This chapter contains the important definitions needed for the remainder of this book. Beginning at the beginning is the best way to build the foundation upon which this book is built. Topics covered include the basic physics upon which all this work stands. Definitions of important terms are presented so that understanding of discussions within the remainder of this book is clear and unambiguous. The key definitions include meanings of supply and bias, linear vs. polar signal processing, how gain must be interpreted when operating in compression, along with the concepts of power supply rejection (PSR), dynamic range, and bandwidth expansion.
All circuit performance metrics used in this book are derived from device characteristic curves, in order to build physical intuition into what the circuitry is actually doing. Device and block models are secondary in this discussion, as they inherently follow from the device physics. Mathematics always follows the physical discussions. In this book, mathematics is a tool, and not a primary window on to the material.

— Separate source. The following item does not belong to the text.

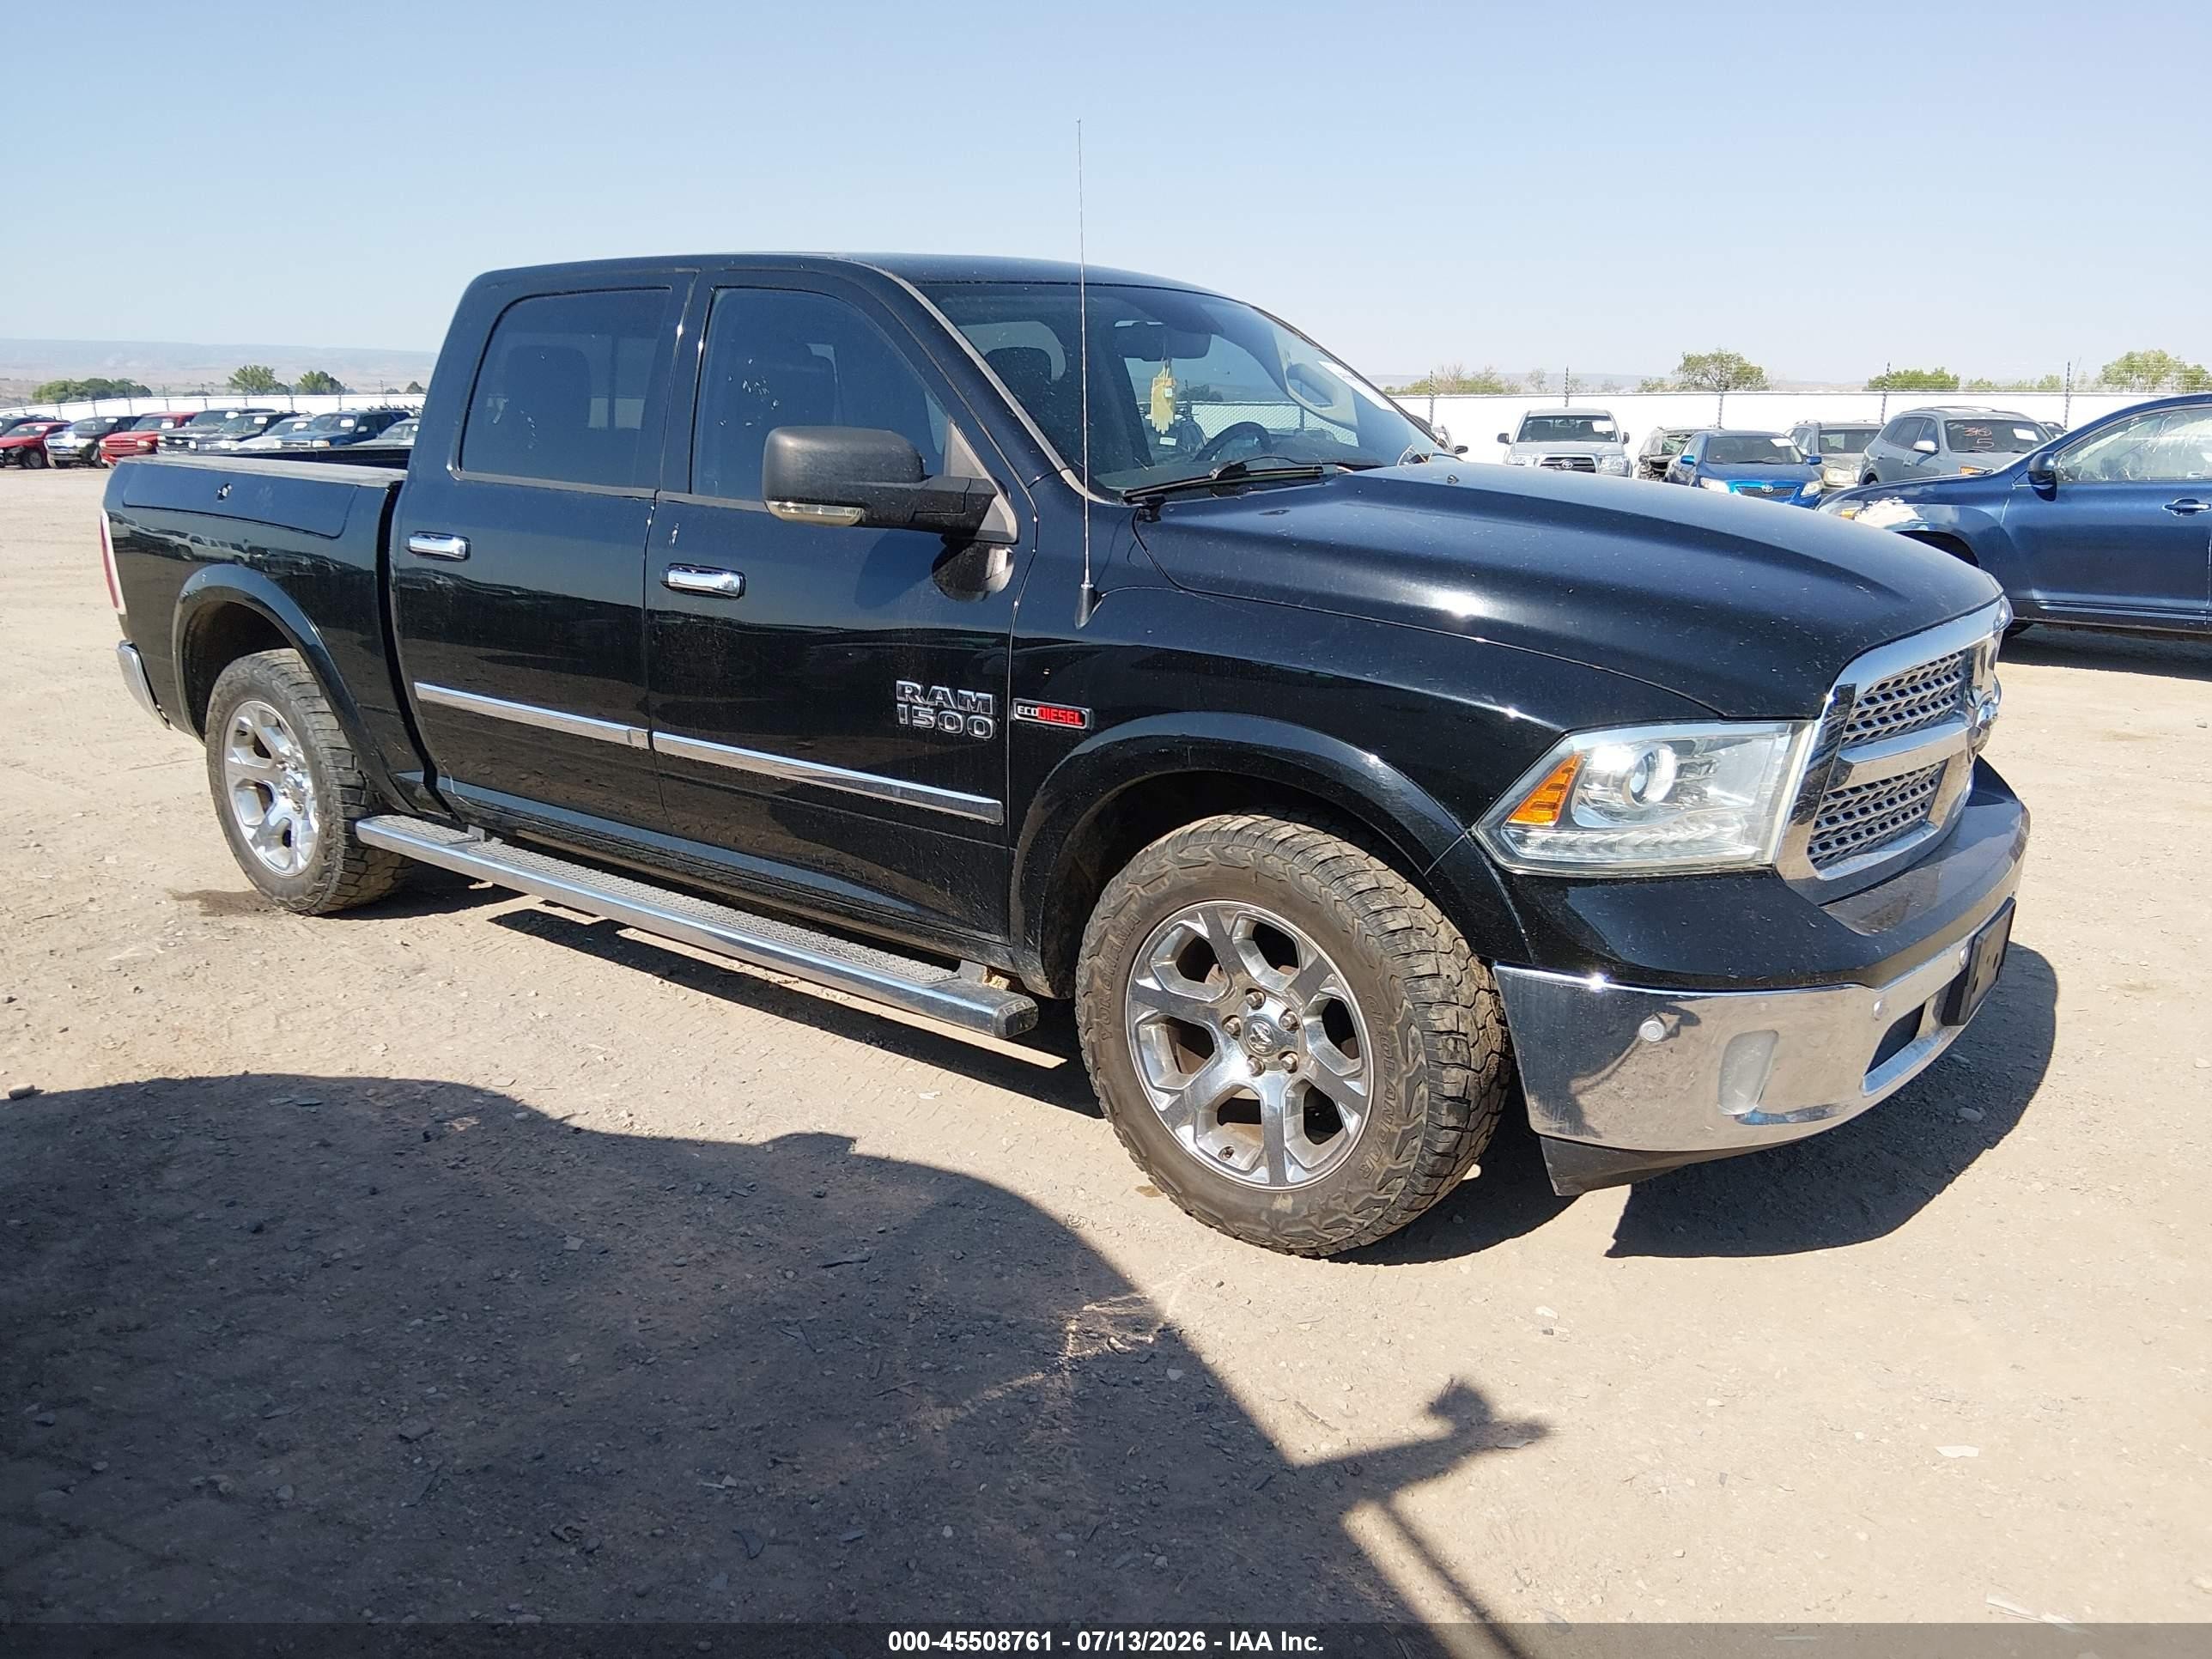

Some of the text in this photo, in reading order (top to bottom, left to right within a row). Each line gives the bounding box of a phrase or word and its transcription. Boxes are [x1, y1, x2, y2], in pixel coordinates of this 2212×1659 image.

[896, 680, 994, 714] RAM
[896, 703, 994, 739] 1500
[1017, 705, 1083, 726] ECODIESEL
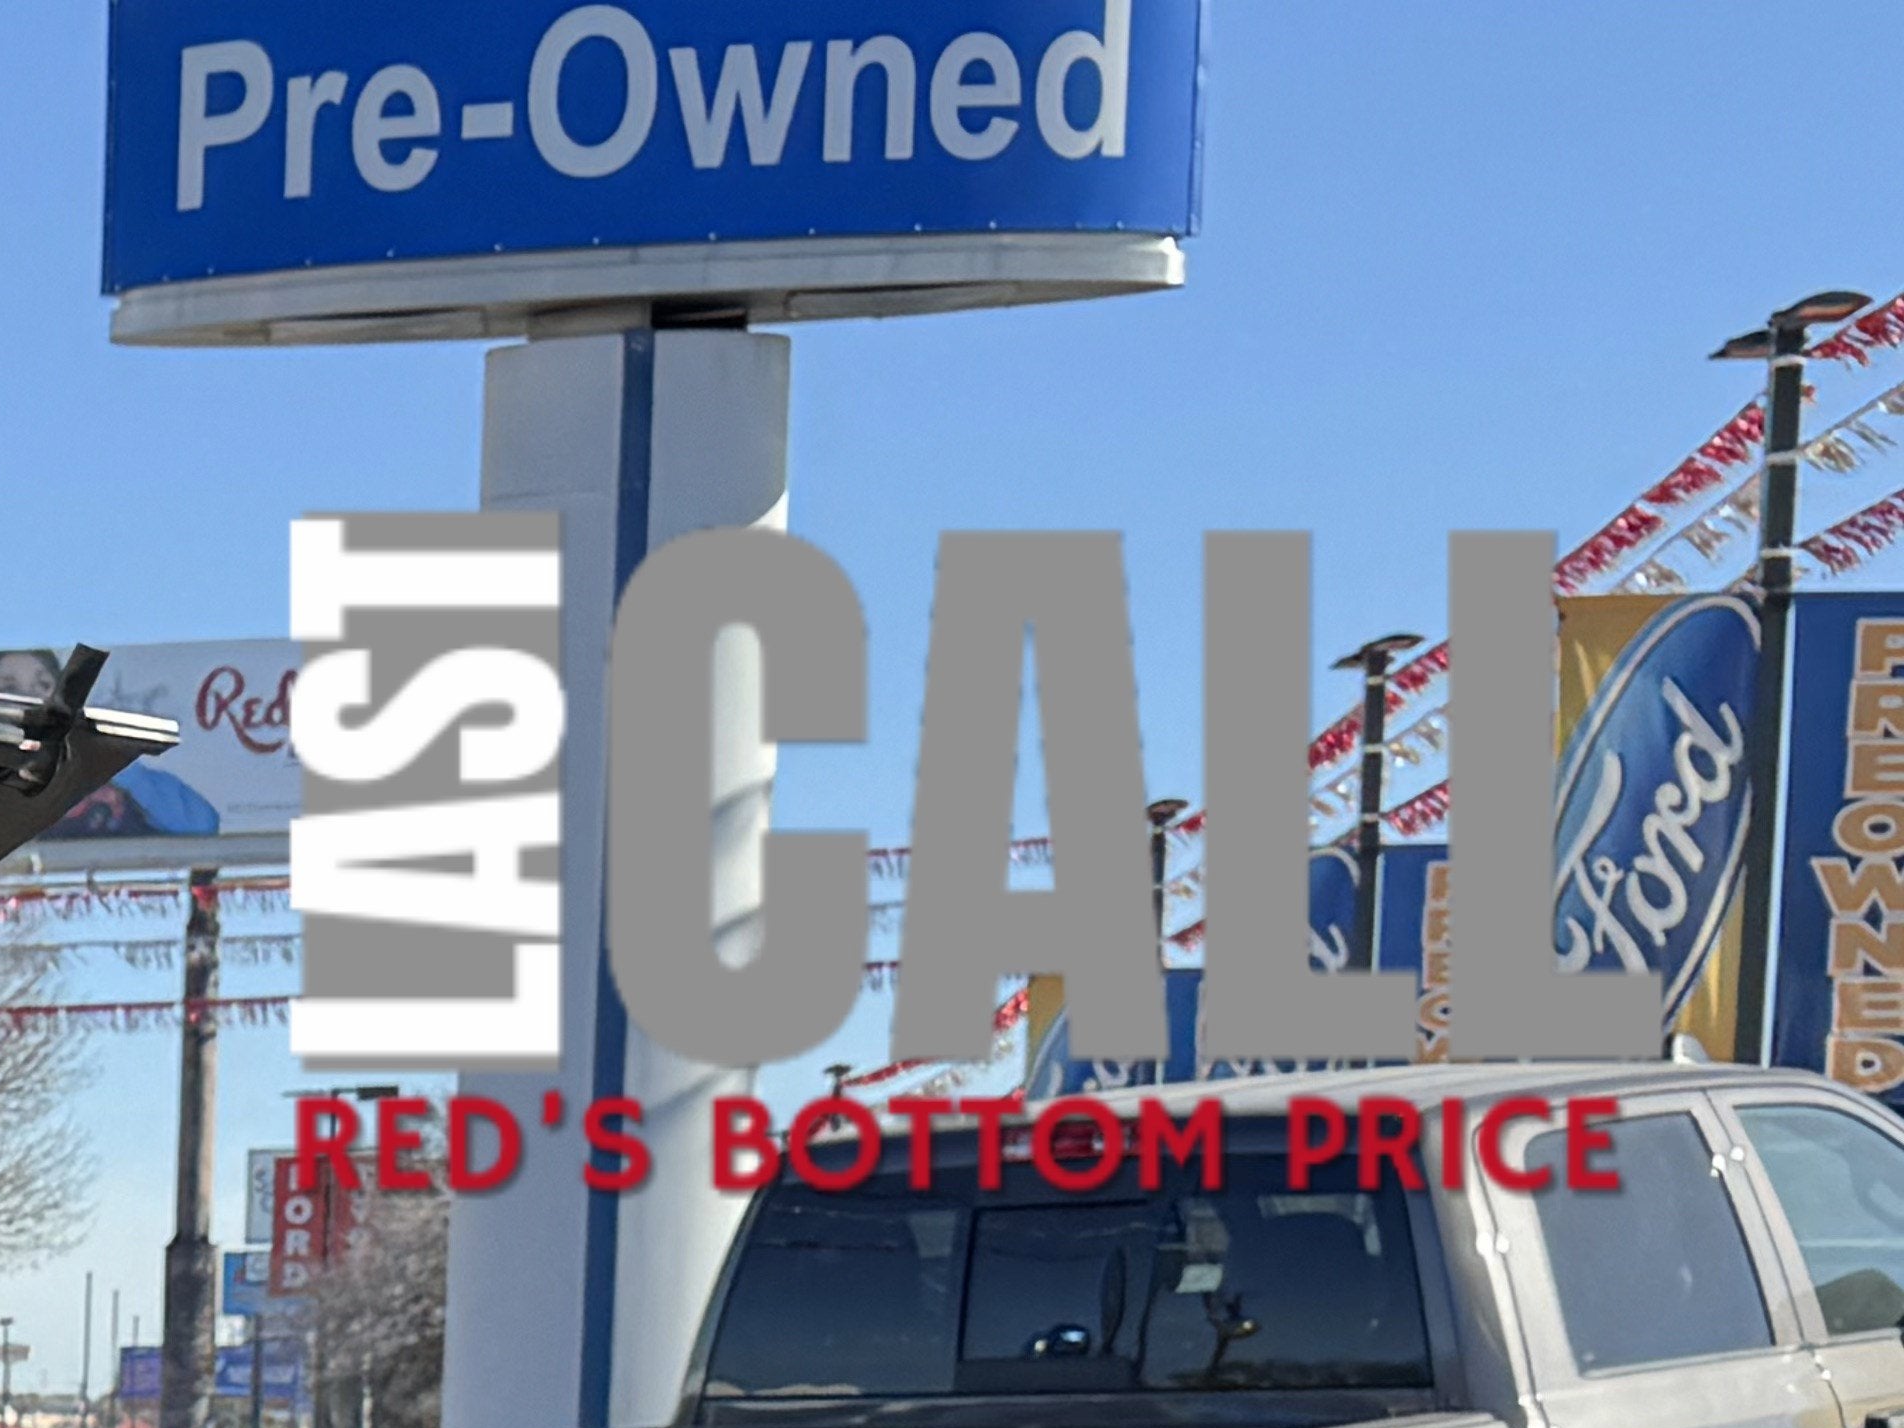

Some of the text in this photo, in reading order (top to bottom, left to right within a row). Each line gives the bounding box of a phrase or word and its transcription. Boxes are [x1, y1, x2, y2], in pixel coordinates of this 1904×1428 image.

The sinusoidal waveform used in radio communications is not an arbitrary choice, but is a consequence from Maxwell's equations of electromagnetism. Looking at this solution, we see that polar coordinates are the physically natural form of the signal equation. Ohm's Law, itself also a consequence from Maxwell's equations, shows how power dissipation happens in transmitters. Knowing how power dissipation reduces overall energy efficiency provides guidance on how to change designs to improve overall transmitter efficiency.
It is important to use models, both physical and mathematical, that not only describe well what the performance of these transmitters is, but are also descriptive of the physical operations. This joint requirement of the models used here is used consistently.
2.1.1 Maxwell's equations
All electronics, radio included, follow from electromagnetism described by Maxwell's equations (usually as reformulated by Oliver Heaviside) [2-1].